Escalation to biologics is of interest as these patients are on a high-cost regimen of continuous therapy.9 In the present analysis, approximately one-fifth of patients with baseline biologics were no longer treated with biologics during follow-up, whereas approximately one-tenth of patients without baseline biologics initiated them during follow-up. The availability of ruxolitinib cream as an option that may delay or prevent escalation to biologics is relevant to patients, who tend to rank route of administration (ie, topical or oral vs injection) as an important attribute in their product preferences.30,31 Additional burdens of biologics include high cost and potential need for continuous maintenance injections.9 Although further research is required to assess treatment patterns of patients who may need systemic therapy, this early assessment suggests that ruxolitinib cream could provide an alternative to the escalation to systemic biologics.

This study was subject to limitations typically associated with database analyses, such as the use of nonrandomized data, incomplete or missing data, and potential coding errors. Disease severity and other characteristics could not be measured from claims data, although they are important factors influencing treatment decisions. The single-arm study design limits the ability to directly attribute the observed effects to the initiation of ruxolitinib cream. The included study population may limit the generalizability of the outcomes. For example, the study was largely based on commercial health insurance coverage, and these patients may have different characteristics than those with public or no health insurance coverage. Additionally, the requirement of continuous enrollment for 6 months before and after the index date could influence generalizability.

Conclusion

These data describing reductions of other AD treatments within 6 months of ruxolitinib cream initiation provide additional evidence for its effectiveness as a therapeutic option for adults and adolescents with AD. Nearly half of the patient population did not need additional AD treatments, and topical and oral corticosteroid use decreased during the follow-up period. Moreover, >90% of biologic-naive patients did not initiate biologic use, and nearly one-fifth of those previously on biologics discontinued their use during the follow-up period. These findings suggest that ruxolitinib cream could limit the use of other AD therapies, including topical/oral corticosteroids and biologics, potentially simplifying treatment regimens for patients.

Acknowledgments

The authors thank Megha Gandhi, PharmD, for her contributions to the study. Medical writing support was provided by Ellen Labuz, PhD, for The Curry Rockefeller Group, LLC, a Citrus Health Group, Inc., company (Chicago, Illinois), and was funded by Incyte Corporation. 

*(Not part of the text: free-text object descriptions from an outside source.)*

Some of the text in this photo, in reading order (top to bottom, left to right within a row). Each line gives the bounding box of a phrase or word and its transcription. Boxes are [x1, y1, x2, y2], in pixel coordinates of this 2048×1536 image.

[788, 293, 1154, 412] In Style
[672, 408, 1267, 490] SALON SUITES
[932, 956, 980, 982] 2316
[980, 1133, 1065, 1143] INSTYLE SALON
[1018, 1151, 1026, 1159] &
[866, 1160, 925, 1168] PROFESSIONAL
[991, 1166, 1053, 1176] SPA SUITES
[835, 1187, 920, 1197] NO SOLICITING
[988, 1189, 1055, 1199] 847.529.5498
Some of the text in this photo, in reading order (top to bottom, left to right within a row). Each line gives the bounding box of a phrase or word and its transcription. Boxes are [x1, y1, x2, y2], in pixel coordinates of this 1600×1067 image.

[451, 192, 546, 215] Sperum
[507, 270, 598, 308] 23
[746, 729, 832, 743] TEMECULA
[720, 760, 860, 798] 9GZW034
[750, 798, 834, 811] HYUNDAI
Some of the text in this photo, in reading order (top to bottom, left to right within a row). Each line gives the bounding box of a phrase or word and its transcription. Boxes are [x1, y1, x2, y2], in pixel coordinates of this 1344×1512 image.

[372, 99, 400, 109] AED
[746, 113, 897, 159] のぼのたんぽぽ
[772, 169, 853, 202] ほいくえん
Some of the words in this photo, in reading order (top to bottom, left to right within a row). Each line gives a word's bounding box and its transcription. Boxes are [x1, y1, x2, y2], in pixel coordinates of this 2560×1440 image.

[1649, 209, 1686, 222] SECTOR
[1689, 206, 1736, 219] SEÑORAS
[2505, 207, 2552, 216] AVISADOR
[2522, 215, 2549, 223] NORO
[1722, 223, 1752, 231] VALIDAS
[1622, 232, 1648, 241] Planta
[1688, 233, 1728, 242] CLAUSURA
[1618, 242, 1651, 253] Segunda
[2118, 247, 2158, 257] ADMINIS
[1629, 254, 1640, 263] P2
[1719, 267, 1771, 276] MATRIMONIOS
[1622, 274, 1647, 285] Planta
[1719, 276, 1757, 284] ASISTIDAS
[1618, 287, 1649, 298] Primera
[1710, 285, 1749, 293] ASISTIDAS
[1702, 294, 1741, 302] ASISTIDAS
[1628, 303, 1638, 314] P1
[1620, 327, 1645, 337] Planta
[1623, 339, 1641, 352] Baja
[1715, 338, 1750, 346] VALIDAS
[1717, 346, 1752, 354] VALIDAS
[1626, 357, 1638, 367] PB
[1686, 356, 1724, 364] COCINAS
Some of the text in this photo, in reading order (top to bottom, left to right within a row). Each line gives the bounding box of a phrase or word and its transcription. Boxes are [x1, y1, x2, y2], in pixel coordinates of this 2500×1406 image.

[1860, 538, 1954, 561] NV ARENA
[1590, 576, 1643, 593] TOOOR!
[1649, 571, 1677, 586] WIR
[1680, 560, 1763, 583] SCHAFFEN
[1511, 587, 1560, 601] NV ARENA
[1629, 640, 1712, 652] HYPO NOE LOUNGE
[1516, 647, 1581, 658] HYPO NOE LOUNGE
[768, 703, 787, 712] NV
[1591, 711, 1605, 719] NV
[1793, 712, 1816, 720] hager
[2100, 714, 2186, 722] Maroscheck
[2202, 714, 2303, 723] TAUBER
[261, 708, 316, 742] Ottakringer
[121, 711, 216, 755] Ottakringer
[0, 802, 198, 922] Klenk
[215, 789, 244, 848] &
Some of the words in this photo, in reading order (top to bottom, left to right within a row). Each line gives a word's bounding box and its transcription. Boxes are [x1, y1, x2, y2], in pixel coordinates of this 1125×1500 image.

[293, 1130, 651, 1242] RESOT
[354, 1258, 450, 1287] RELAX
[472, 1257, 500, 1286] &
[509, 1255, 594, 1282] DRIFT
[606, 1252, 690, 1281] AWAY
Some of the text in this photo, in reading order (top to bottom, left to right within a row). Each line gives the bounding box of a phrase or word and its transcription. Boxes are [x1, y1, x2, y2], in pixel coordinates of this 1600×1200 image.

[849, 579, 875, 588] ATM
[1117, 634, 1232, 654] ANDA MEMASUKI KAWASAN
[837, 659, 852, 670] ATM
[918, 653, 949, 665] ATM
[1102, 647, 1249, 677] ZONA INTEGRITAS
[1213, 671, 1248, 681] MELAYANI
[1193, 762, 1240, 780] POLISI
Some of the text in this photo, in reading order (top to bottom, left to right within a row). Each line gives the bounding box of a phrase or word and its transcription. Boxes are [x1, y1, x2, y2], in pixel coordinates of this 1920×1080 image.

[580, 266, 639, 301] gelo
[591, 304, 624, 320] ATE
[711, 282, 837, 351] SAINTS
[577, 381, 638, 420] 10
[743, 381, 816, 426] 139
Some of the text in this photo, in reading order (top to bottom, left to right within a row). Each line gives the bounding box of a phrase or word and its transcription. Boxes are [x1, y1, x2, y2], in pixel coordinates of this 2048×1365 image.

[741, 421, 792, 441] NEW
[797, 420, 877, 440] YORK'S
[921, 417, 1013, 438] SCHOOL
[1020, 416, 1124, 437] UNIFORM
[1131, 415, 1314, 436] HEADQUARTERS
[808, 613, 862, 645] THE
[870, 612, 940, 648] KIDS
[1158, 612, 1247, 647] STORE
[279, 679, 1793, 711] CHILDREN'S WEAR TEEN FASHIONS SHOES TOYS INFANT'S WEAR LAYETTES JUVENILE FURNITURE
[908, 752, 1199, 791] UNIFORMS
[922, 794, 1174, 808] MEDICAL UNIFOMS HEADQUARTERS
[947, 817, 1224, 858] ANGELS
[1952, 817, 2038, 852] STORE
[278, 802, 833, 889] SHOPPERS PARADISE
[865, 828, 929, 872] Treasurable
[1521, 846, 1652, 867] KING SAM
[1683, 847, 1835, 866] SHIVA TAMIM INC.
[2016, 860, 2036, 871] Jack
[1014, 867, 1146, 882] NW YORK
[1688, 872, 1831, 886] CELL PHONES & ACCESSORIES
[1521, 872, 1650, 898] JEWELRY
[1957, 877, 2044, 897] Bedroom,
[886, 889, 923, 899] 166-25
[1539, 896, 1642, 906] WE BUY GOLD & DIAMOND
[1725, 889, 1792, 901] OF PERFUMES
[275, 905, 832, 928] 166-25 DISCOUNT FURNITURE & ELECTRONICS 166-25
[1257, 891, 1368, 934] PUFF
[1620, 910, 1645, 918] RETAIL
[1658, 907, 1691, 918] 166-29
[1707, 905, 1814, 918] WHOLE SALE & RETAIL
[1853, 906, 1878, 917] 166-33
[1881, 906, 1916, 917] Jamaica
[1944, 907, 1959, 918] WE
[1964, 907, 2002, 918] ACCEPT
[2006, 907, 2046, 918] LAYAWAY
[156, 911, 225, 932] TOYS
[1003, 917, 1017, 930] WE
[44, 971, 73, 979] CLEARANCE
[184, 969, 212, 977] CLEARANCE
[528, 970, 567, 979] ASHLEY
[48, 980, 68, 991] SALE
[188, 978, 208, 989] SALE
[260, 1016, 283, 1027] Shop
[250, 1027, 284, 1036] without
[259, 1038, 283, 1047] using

Data in this manuscript were previously presented as poster presentations at the American Academy of Dermatology 2024 Annual Meeting (abstract published in the Journal of the American Academy of Dermatology [https://www.jaad.org/article/S0190-9622(24)01595-0/fulltext]) and the Academy of Managed Care Pharmacy 2024 Annual Meeting (abstract published in the Journal of Managed Care & Specialty Pharmacy [https://www.jmcp.org/doi/epdf/10.18553/jmcp.2024.30.4-a.s1]).

Funding

The study was funded by Incyte Corporation (Wilmington, Delaware). Authors from Incyte Corporation were involved with study design, data interpretation, drafting of the manuscript, and the decision to publish.

Disclosure

Dr Liu, Dr Sturm, and Dr Patadia are employees and shareholders of Incyte Corporation. Dr Desai, Ms Teng, Ms Stockbower, and Dr Willey are employees of Carelon Research, which received funding from Incyte Corporation to perform this research. Dr Desai, Ms Teng, and Dr Willey are shareholders of Elevance Health, the parent company of Carelon Research. The authors report no other conflicts of interest in this work.